L’article 11 du règlement intérieur et l’article 8 du contrat de résidence rappellent que le locataire est tenu de payer la redevance aux termes convenus, à savoir mensuellement à terme échu et au plus tard de cinquième jour du mois suivant, ainsi que les éventuelles prestations facultatives.
La créance d'[G] est justifiée en son principe en vertu du contrat de résidence et du règlement intérieur de la résidence.
[I] [V] ne vient contester ni le principe ni le montant de la dette.
Le décompte actualisé versé aux débats laisse apparaître un solde de 6 649,47 € au titre des seuls redevances et indemnités d’occupation échues au 3 juin 2025. En conséquence, le défendeur sera condamné au paiement de cette somme, échéance de juin 2025 incluse, outre les intérêts au taux légal à compter du présent jugement.
[I] [V] sera enfin condamné à payer à [G], à compter du 4 juin 2025 et jusqu’à libération effective des lieux, une indemnité d’occupation égale au montant de la dernière redevance, revalorisations incluses, soit la somme de 512,65 €.
Sur les autres demandes
En application des dispositions de l’article 696 du code de procédure civile, [I] [V], succombant à l’instance, sera condamné aux entiers dépens, comprenant notamment le coût du commandement de payer.

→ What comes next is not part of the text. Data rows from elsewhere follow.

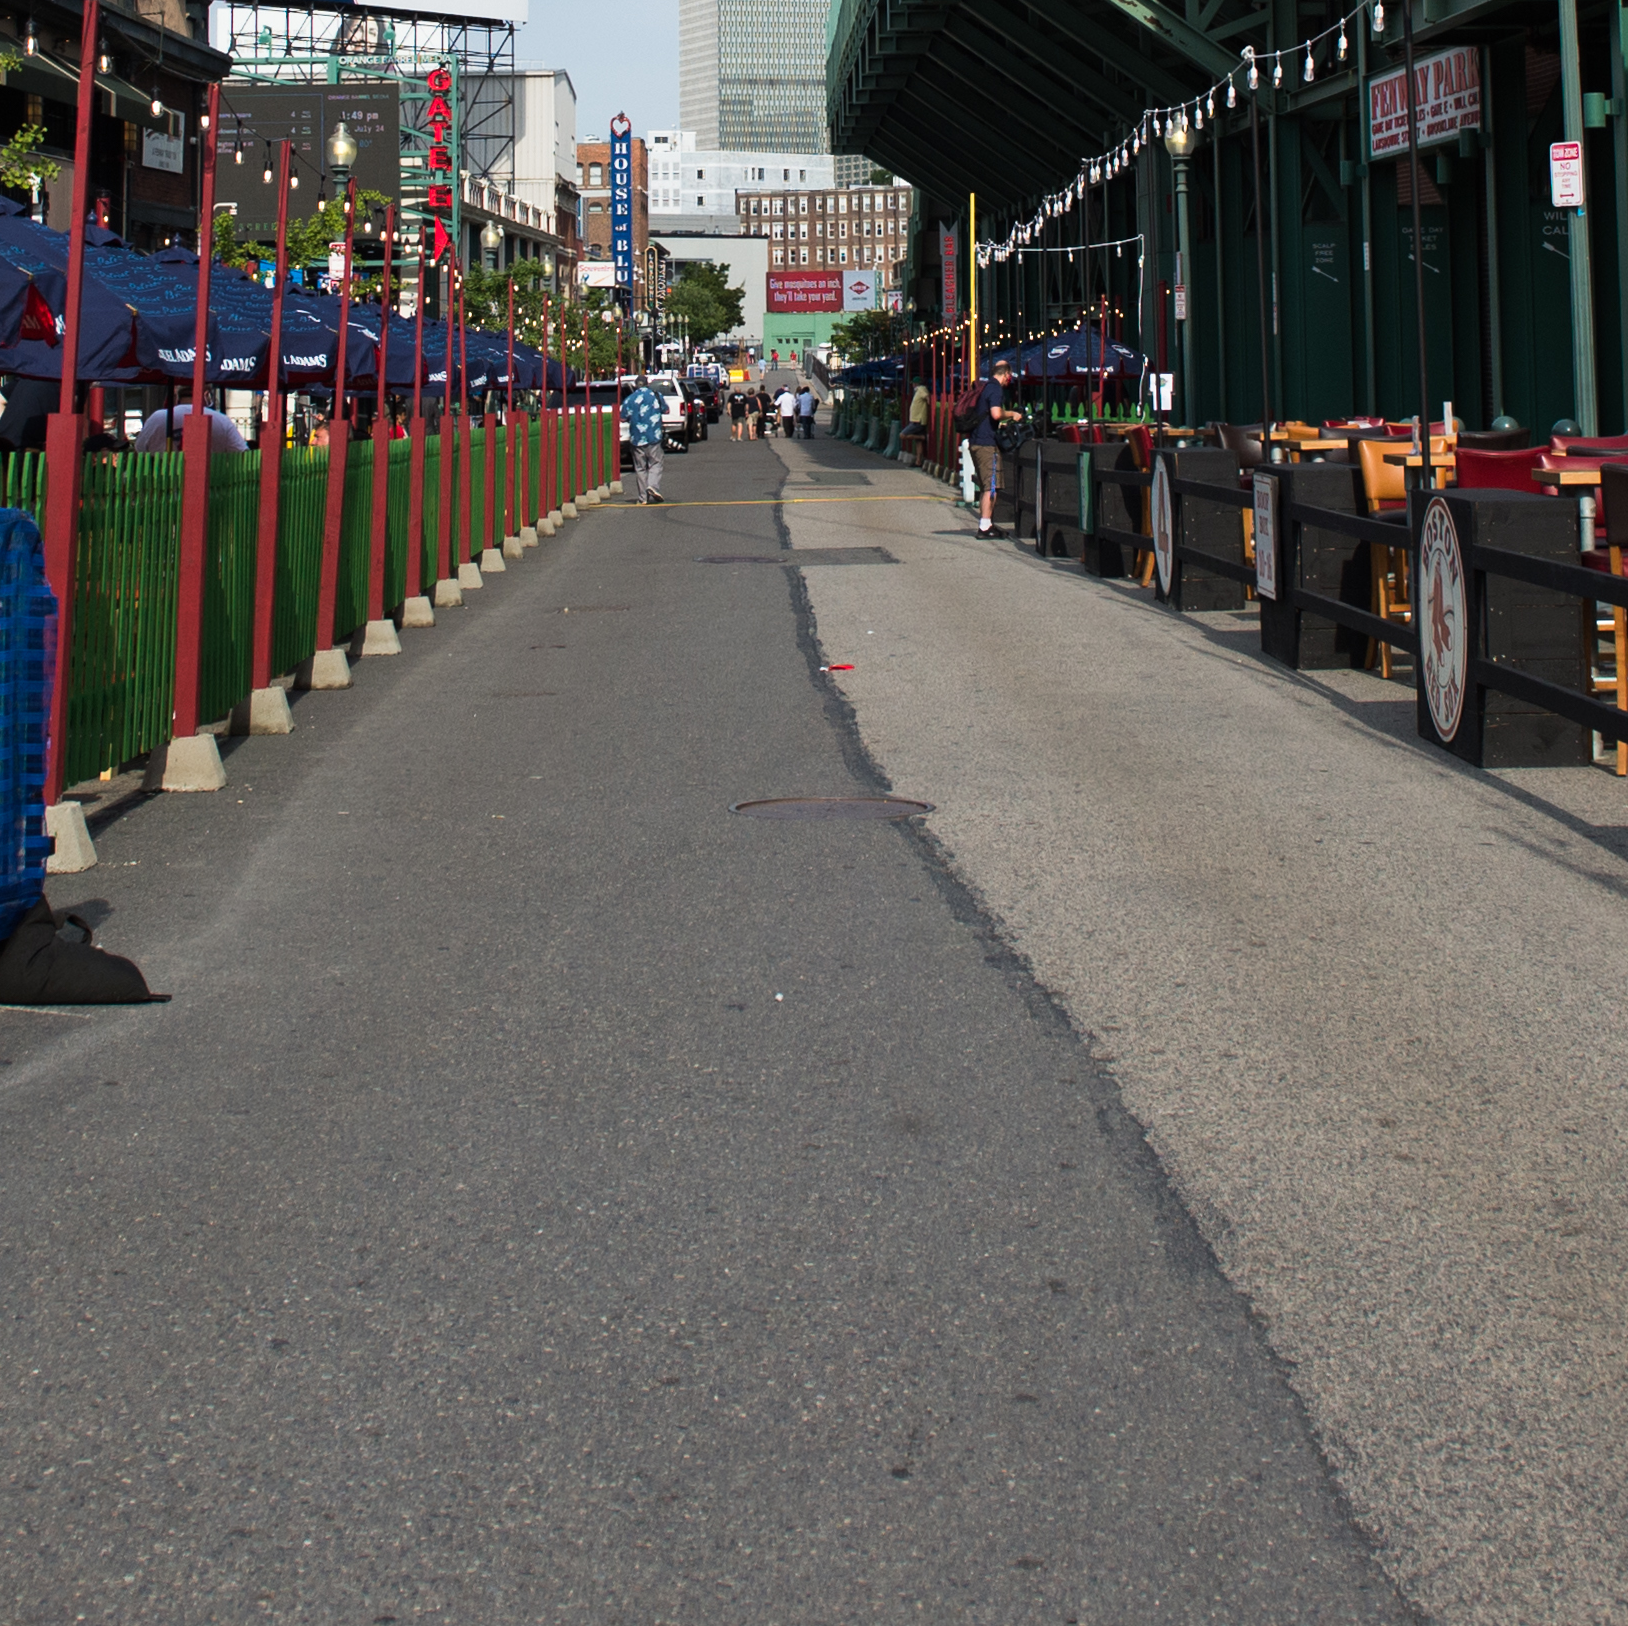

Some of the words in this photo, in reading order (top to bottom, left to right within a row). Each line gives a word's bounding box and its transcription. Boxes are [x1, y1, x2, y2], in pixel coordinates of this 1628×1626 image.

[339, 56, 380, 65] ORANGE
[382, 55, 417, 64] BARREL
[421, 54, 452, 64] MEDIA
[1433, 47, 1480, 101] PARK
[427, 67, 453, 170] GATE
[614, 142, 629, 216] HOUSE
[427, 184, 453, 208] E
[1544, 212, 1568, 220] WIL
[1542, 226, 1569, 235] CAL
[944, 235, 955, 256] BAR
[615, 239, 629, 283] BLU
[769, 278, 783, 289] Give
[944, 260, 956, 313] BLEACHER
[793, 290, 807, 302] take
[1422, 509, 1460, 587] BOSTON
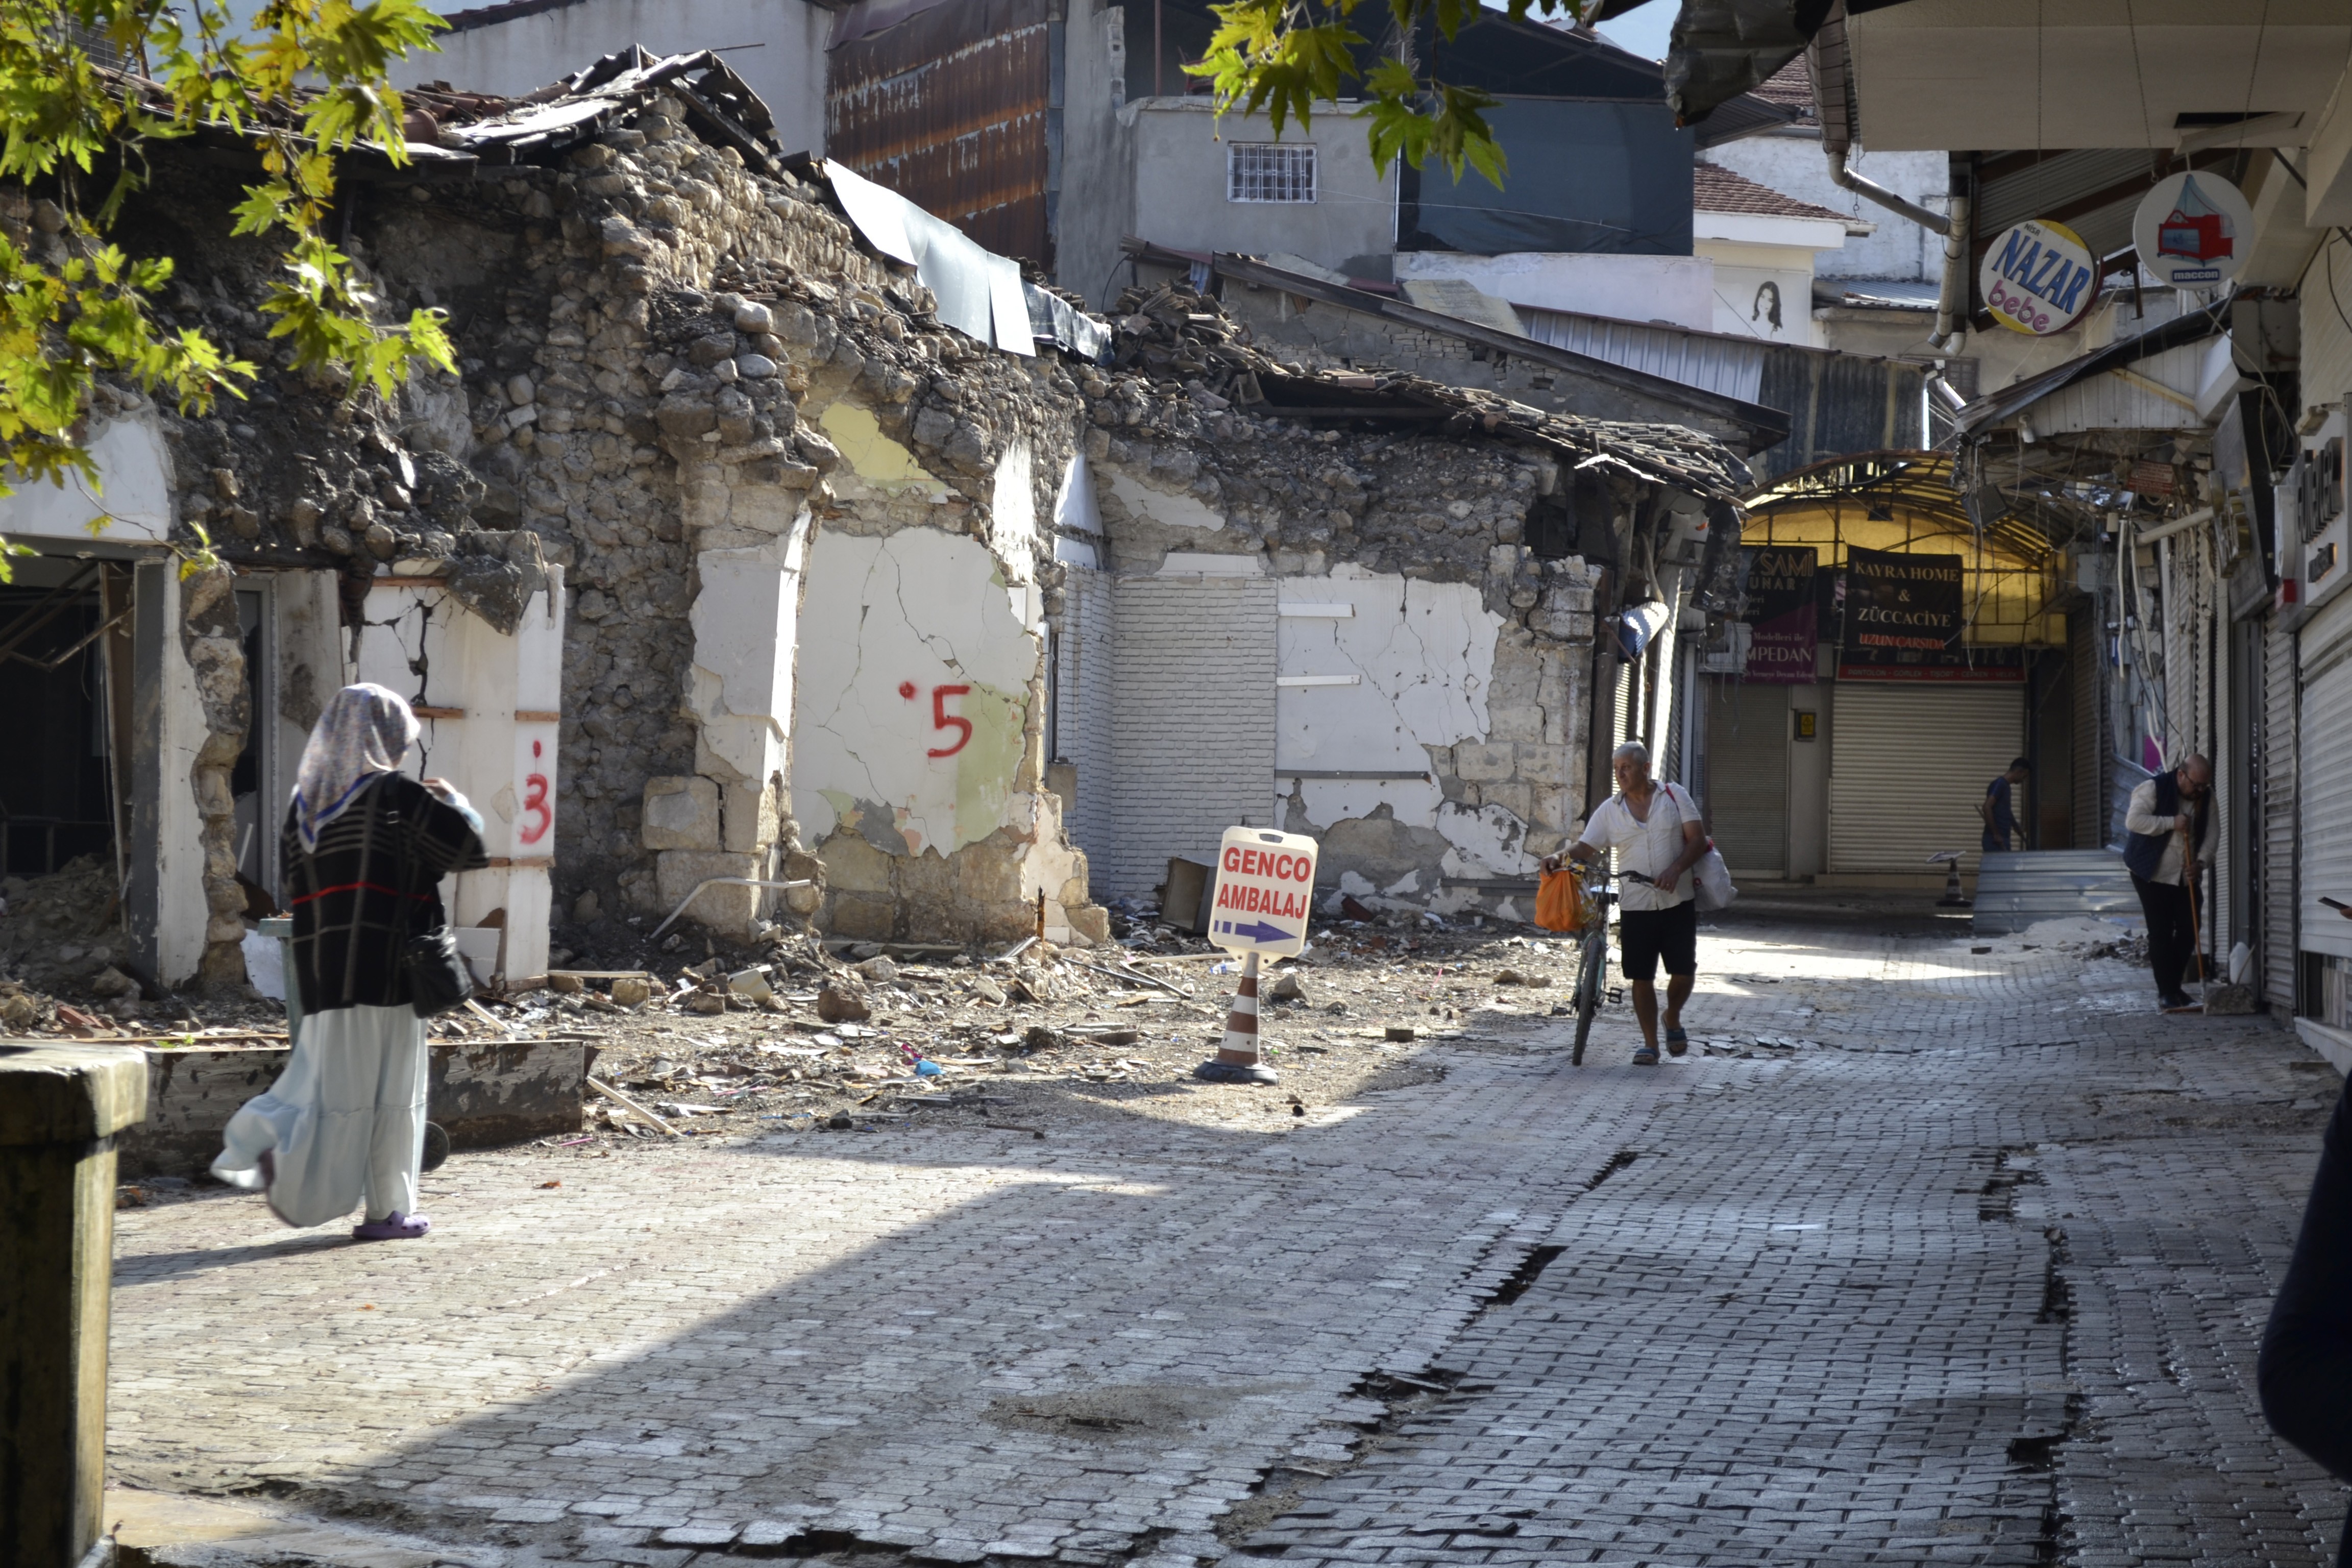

Il sera également condamné à payer à [G] la somme de 300 € sur le fondement de l’article 700 du code de procédure civile.
PAR CES MOTIFS
Le juge des contentieux de la protection, statuant après débats publics, par jugement mis à disposition au greffe, réputé contradictoire et en premier ressort,
DÉCLARE recevable la demande aux fins de voir constater la résiliation du bail d’habitation conclu le 4 juin 2020 entre [G] et [I] [V], concernant le logement sis, NANTES PELLETERIE, 8 rue de la Pelleterie, logement A 206 – 44000 NANTES ;
CONSTATE que les conditions d’acquisition de la clause résolutoire figurant à l’article 11 du contrat de bail sont réunies à la date du 31 octobre 2024 ;
CONDAMNE [I] [V] à payer à [G] la somme de 6 649,47 €, en deniers ou quittance, au titre des seuls loyers, charges et indemnités d’occupation échus et impayés au 3 juin 2025, échéance de juin 2025 incluse, et ce avec intérêt au taux légal à compter de la présente décision ;
CONDAMNE [I] [V] à payer à [G], à compter du 3 juin 2025, une indemnité d’occupation égale au montant du dernier loyer, charges et revalorisation incluses, soit la somme mensuelle de 512,65 €, et ce, jusqu’à la libération complète des lieux ;
ORDONNE à [I] [V], occupant sans droit ni titre, de libérer les lieux après avoir satisfait aux obligations incombant aux locataires sortants ;
ORDONNE à défaut l’expulsion de [I] [V] ainsi que celle de tout occupant de son chef et ce, au besoin avec le concours de la force publique pour toute la durée des opérations d’expulsion, et d’un serrurier, à l’expiration d’un délai de deux mois suivant la signification d’un commandement de quitter les lieux ;
CONDAMNE [I] [V] à payer à [G] la somme de 300 € au titre de l’article 700 du code de procédure civile, ainsi qu’aux entiers dépens ;
DÉBOUTE les parties de leurs demandes plus amples ou contraires ;
ORDONNE la notification de la présente décision par le greffe au représentant de l’État dans le département ;
RAPPELLE que la présente décision est exécutoire de plein droit.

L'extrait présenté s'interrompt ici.